*Records supplied*
* * * * * * *

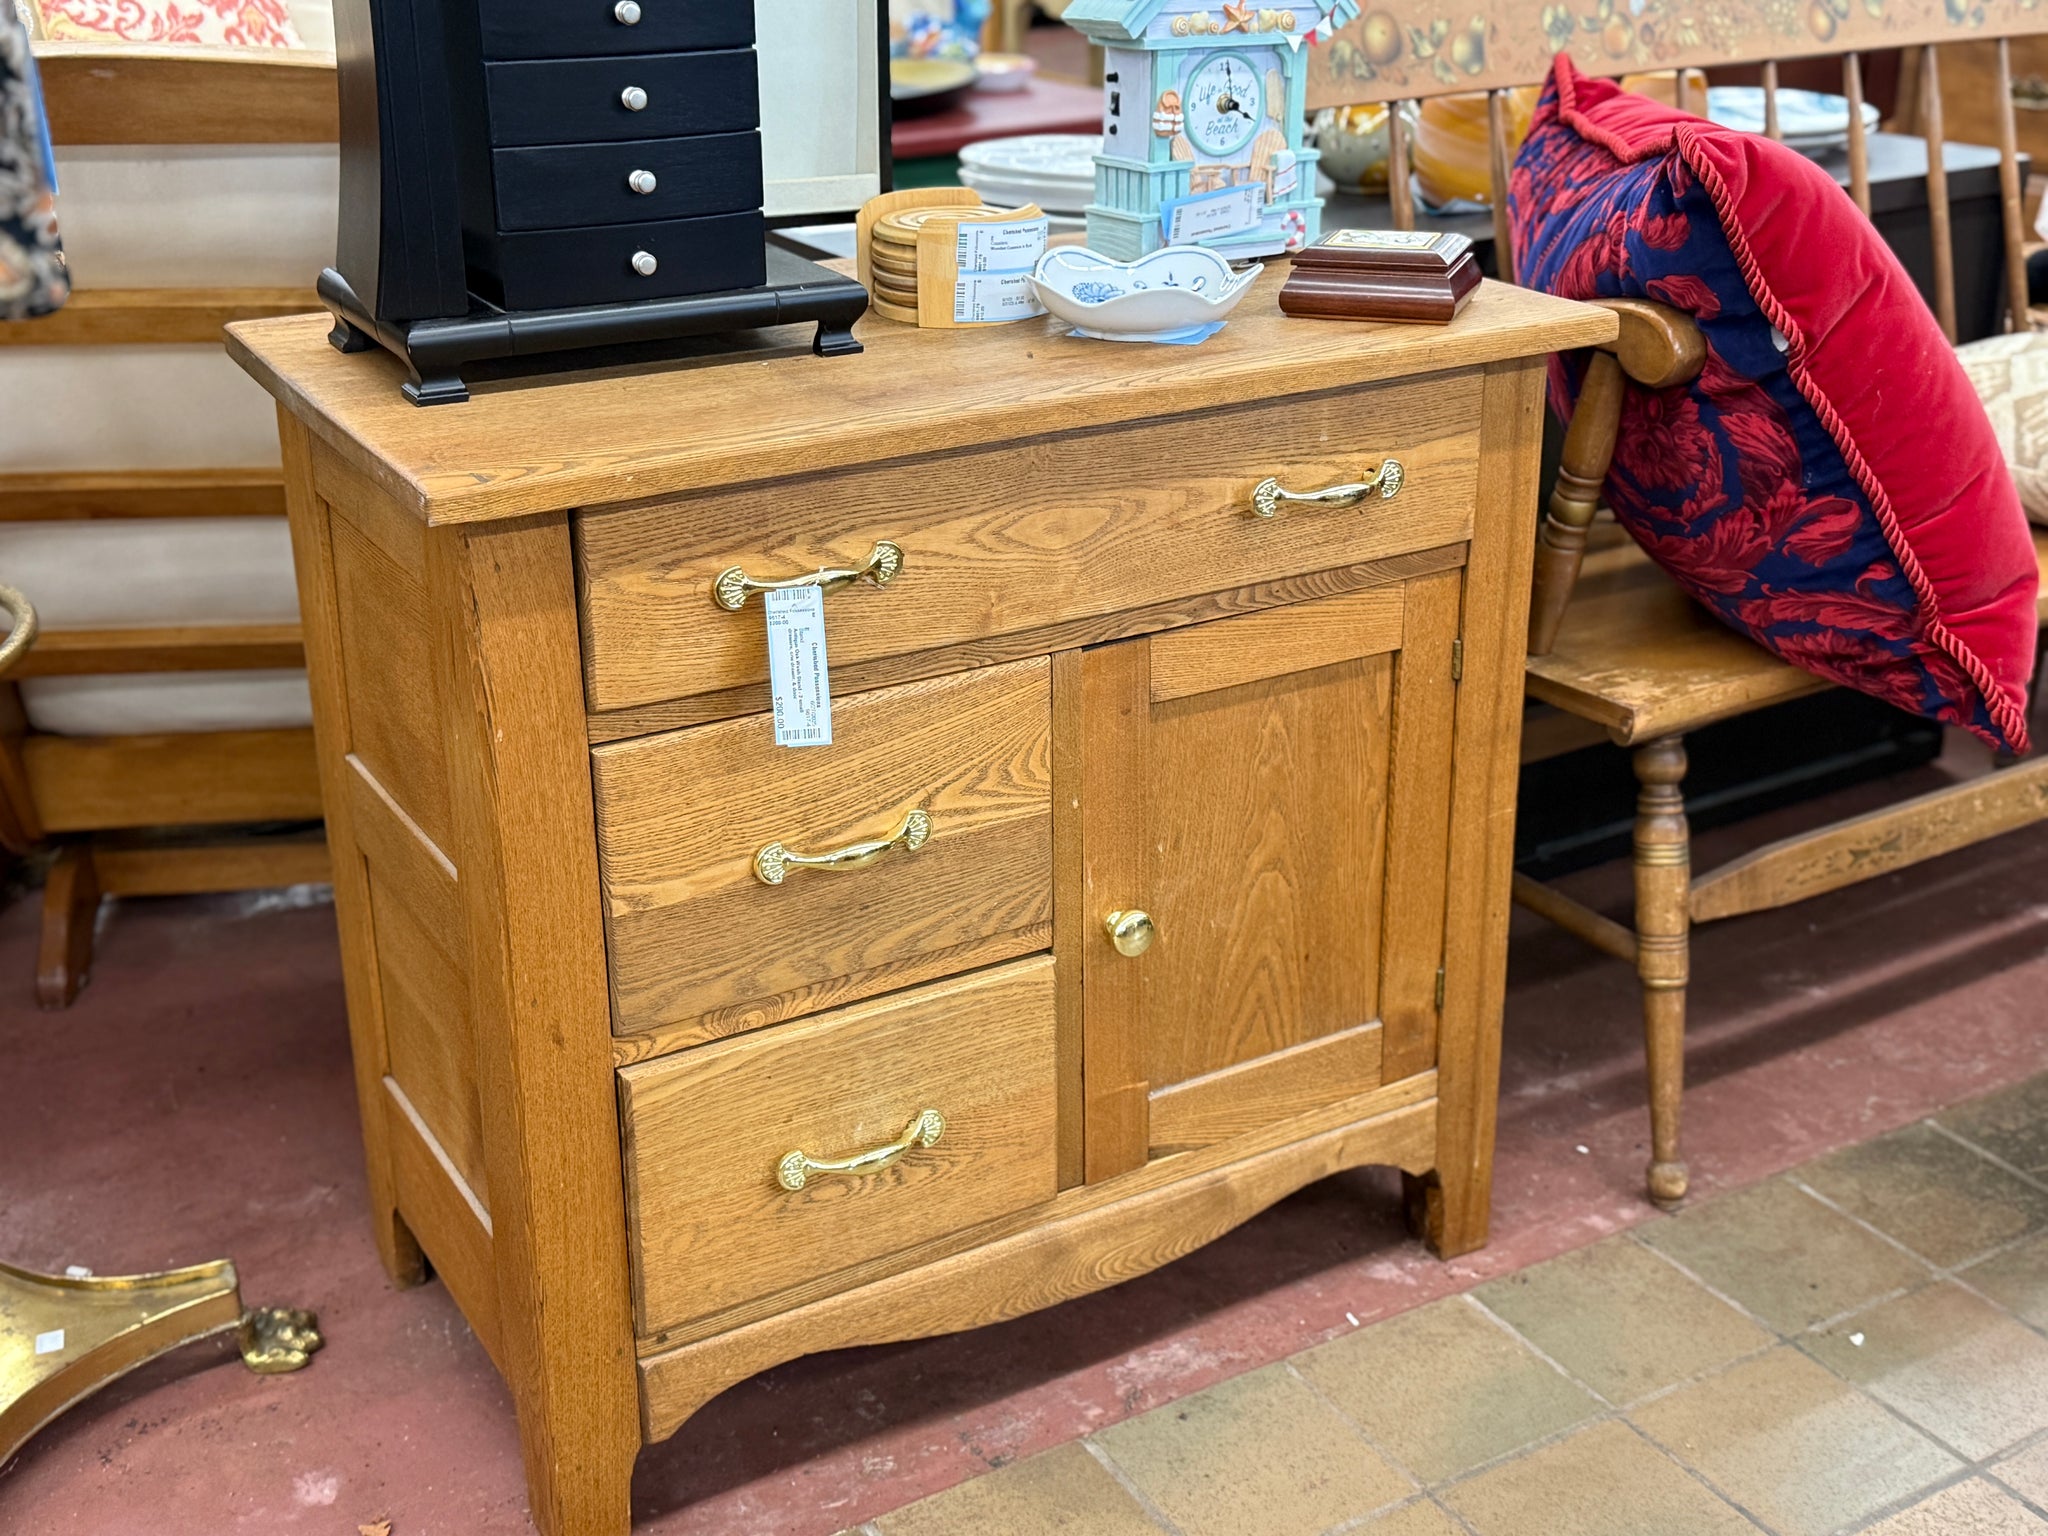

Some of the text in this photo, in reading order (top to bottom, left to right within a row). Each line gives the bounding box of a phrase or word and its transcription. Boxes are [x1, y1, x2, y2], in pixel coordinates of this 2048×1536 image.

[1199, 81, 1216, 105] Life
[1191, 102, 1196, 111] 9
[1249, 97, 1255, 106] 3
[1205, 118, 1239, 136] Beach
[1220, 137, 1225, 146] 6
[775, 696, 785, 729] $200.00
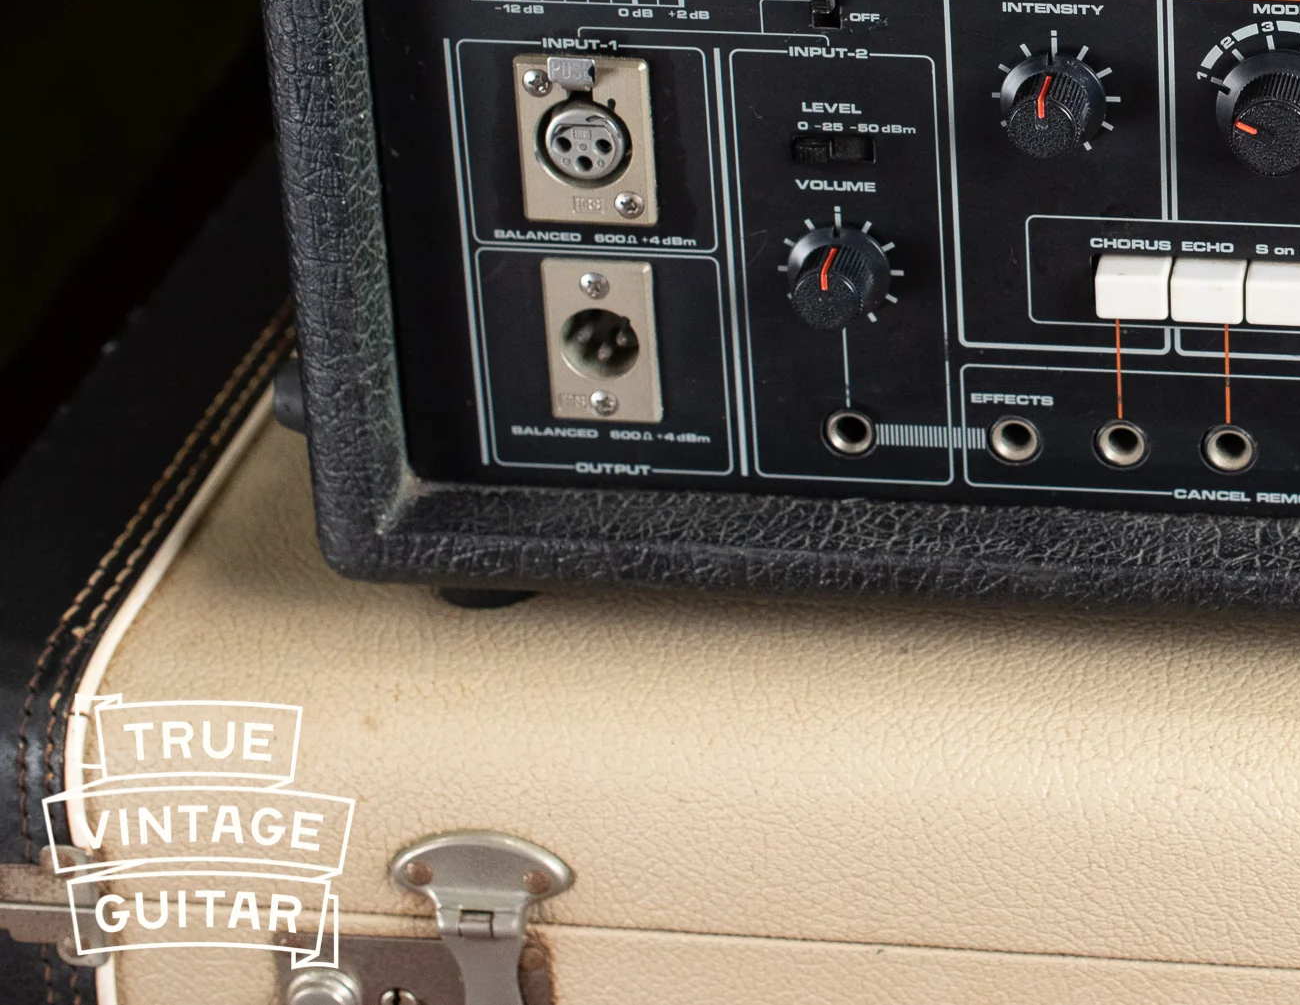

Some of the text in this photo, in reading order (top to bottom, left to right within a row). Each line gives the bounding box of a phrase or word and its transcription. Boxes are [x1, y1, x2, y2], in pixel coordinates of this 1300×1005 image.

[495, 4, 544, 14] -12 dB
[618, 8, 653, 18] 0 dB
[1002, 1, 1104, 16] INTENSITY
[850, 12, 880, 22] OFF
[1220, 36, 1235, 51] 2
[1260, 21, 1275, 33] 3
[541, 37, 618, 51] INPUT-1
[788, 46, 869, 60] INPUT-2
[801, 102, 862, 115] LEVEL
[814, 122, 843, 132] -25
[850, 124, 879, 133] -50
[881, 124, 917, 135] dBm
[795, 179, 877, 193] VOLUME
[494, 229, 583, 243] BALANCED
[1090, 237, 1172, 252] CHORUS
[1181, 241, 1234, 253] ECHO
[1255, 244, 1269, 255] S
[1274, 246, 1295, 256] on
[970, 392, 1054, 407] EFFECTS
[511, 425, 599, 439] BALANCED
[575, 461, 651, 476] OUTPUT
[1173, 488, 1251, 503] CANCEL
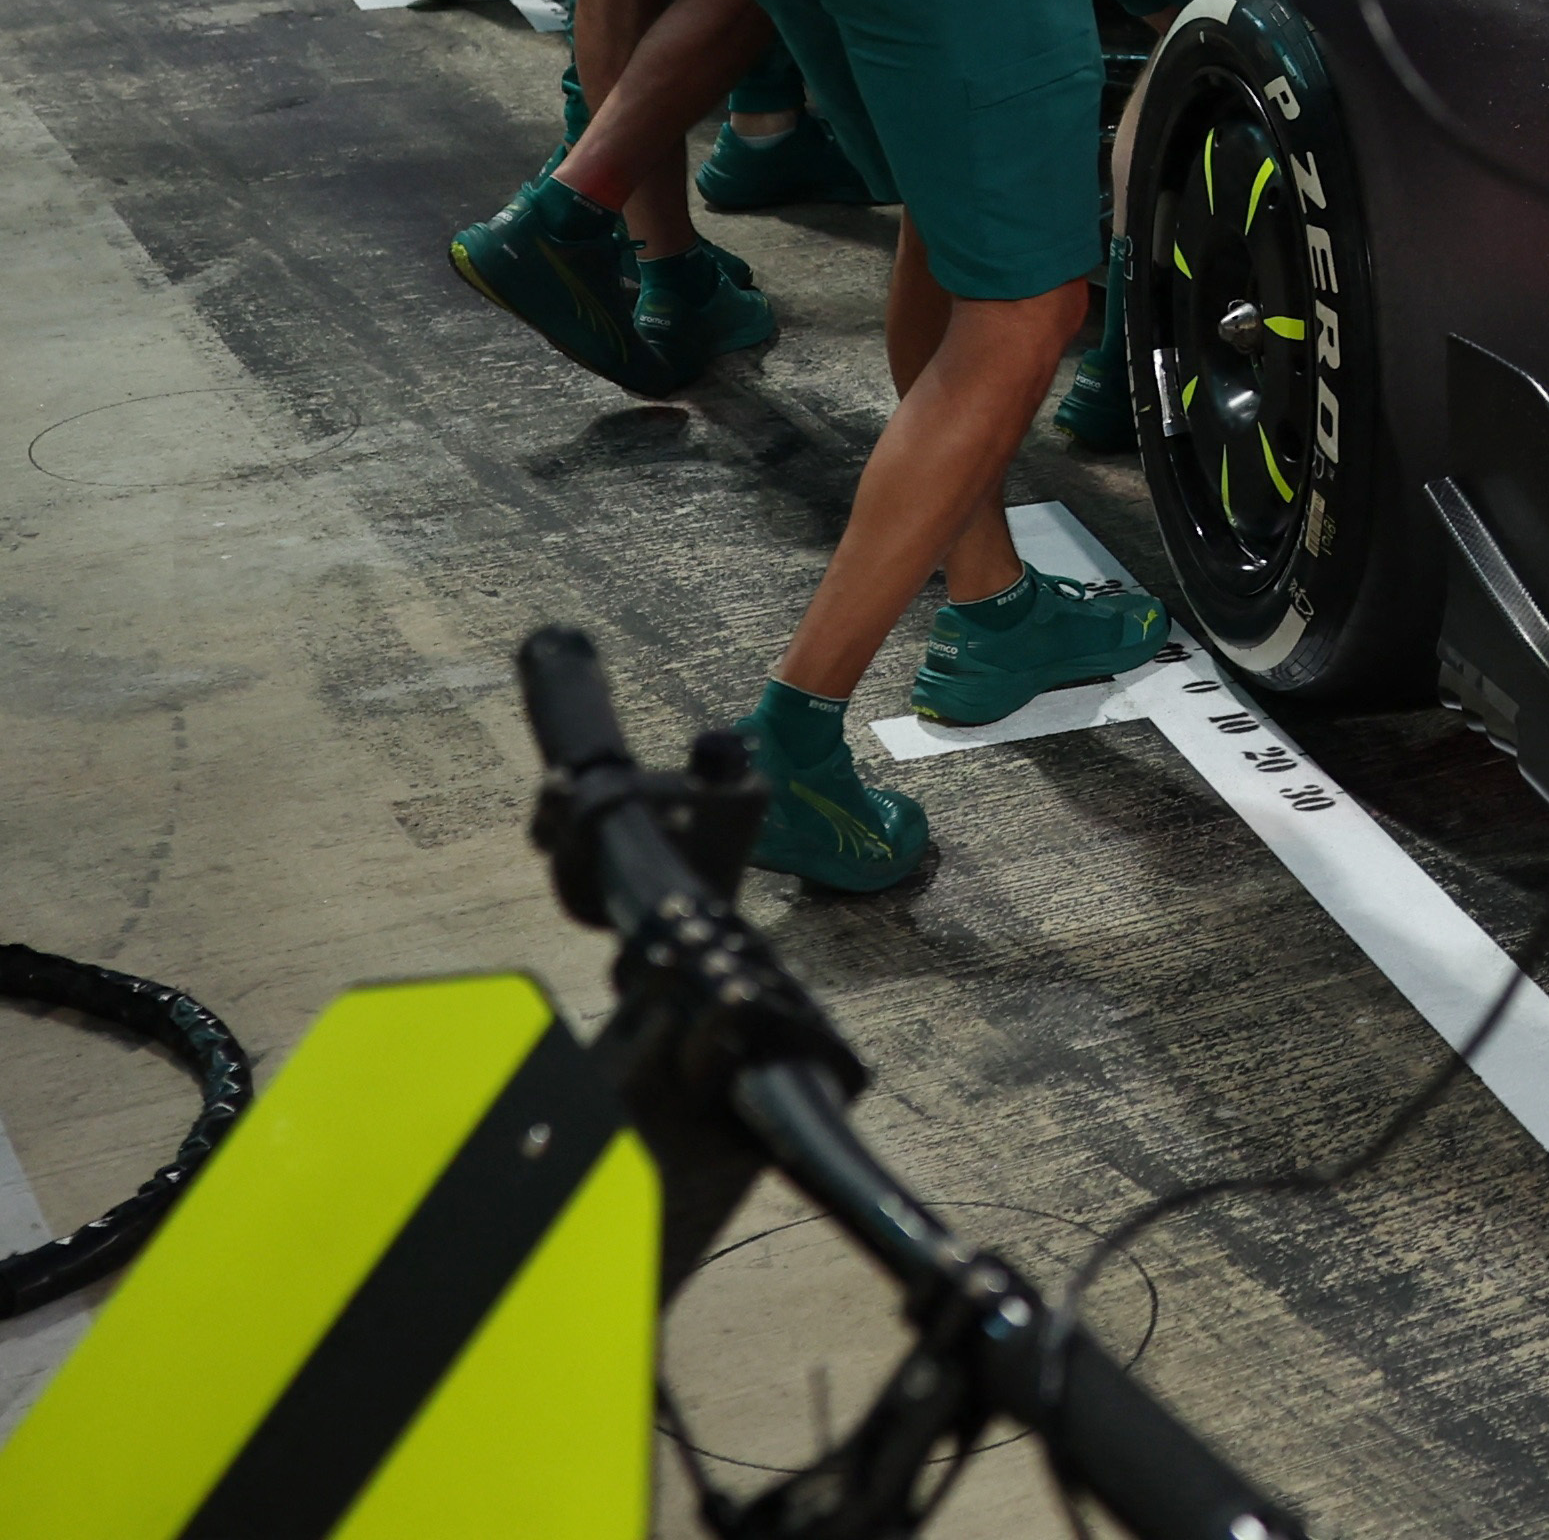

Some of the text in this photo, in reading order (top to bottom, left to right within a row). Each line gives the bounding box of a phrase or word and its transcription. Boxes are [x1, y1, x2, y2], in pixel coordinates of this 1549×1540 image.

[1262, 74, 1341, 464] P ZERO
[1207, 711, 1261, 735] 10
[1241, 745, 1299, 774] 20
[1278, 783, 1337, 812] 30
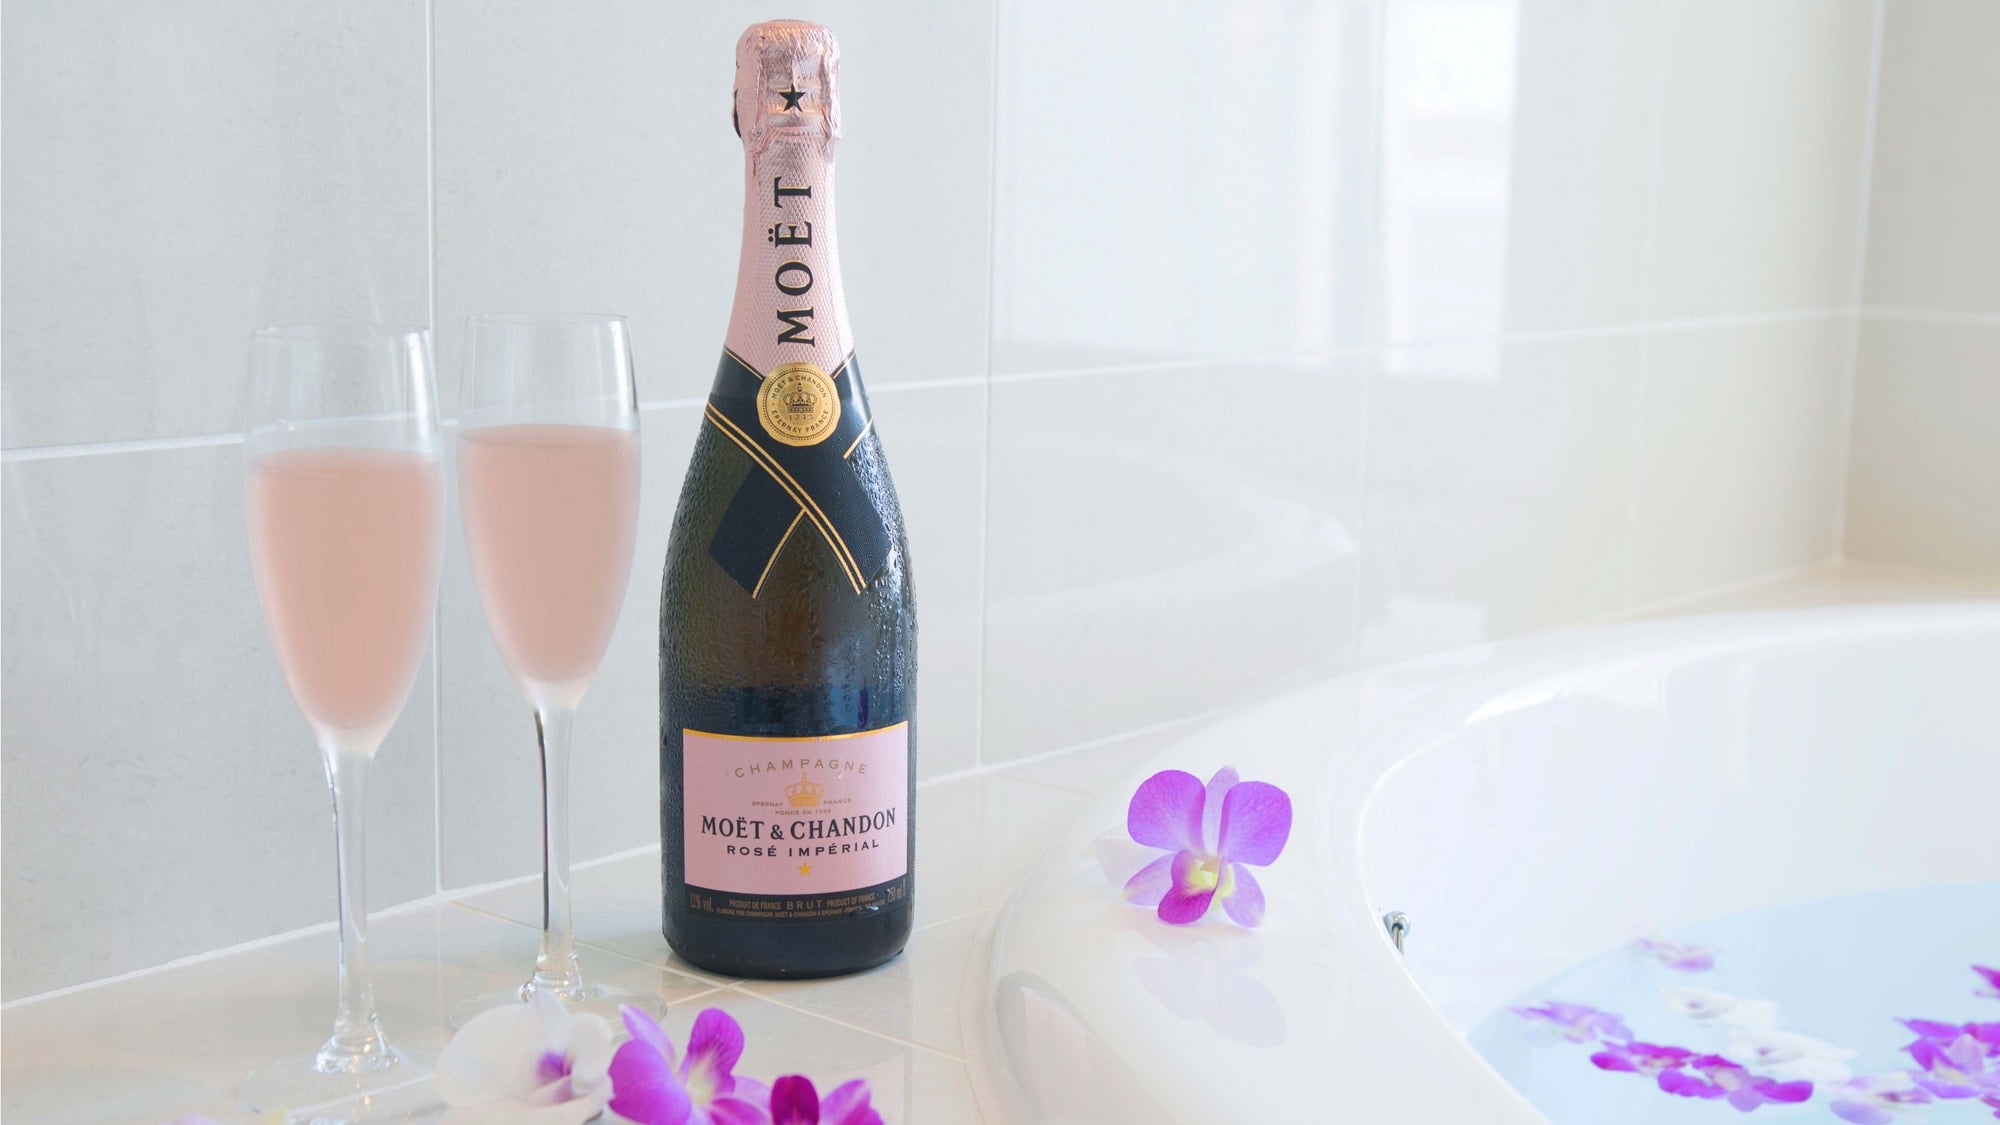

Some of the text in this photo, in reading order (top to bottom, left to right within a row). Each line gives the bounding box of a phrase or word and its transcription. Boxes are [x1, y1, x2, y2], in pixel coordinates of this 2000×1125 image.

* * * * * * *

*Task prompt*
Return the records above exactly as written. Do not include their images.

*Response*
Some of the text in this photo, in reading order (top to bottom, left to right within a row). Each line gives the bounding box of a phrase or word and its transcription. Boxes are [x1, y1, x2, y2], in pixel coordinates of this 2048×1536 image.

[1199, 81, 1216, 105] Life
[1191, 102, 1196, 111] 9
[1249, 97, 1255, 106] 3
[1205, 118, 1239, 136] Beach
[1220, 137, 1225, 146] 6
[775, 696, 785, 729] $200.00

Some of the text in this photo, in reading order (top to bottom, left to right within a row). Each line gives the bounding box of a phrase or word and its transcription. Boxes are [x1, y1, x2, y2], in pixel coordinates of this 1300×1005 image.

[495, 4, 544, 14] -12 dB
[618, 8, 653, 18] 0 dB
[1002, 1, 1104, 16] INTENSITY
[850, 12, 880, 22] OFF
[1220, 36, 1235, 51] 2
[1260, 21, 1275, 33] 3
[541, 37, 618, 51] INPUT-1
[788, 46, 869, 60] INPUT-2
[801, 102, 862, 115] LEVEL
[814, 122, 843, 132] -25
[850, 124, 879, 133] -50
[881, 124, 917, 135] dBm
[795, 179, 877, 193] VOLUME
[494, 229, 583, 243] BALANCED
[1090, 237, 1172, 252] CHORUS
[1181, 241, 1234, 253] ECHO
[1255, 244, 1269, 255] S
[1274, 246, 1295, 256] on
[970, 392, 1054, 407] EFFECTS
[511, 425, 599, 439] BALANCED
[575, 461, 651, 476] OUTPUT
[1173, 488, 1251, 503] CANCEL

Some of the text in this photo, in reading order (top to bottom, left to right within a row). Each line gives the bounding box of a phrase or word and its transcription. Boxes are [x1, y1, x2, y2], in pixel coordinates of this 1549×1540 image.

[1262, 74, 1341, 464] P ZERO
[1207, 711, 1261, 735] 10
[1241, 745, 1299, 774] 20
[1278, 783, 1337, 812] 30

Some of the text in this photo, in reading order (top to bottom, left to right within a row). Each line gives the bounding box of a phrase or word and its transcription. Boxes are [x1, y1, x2, y2], in pixel coordinates of this 2000×1125 image.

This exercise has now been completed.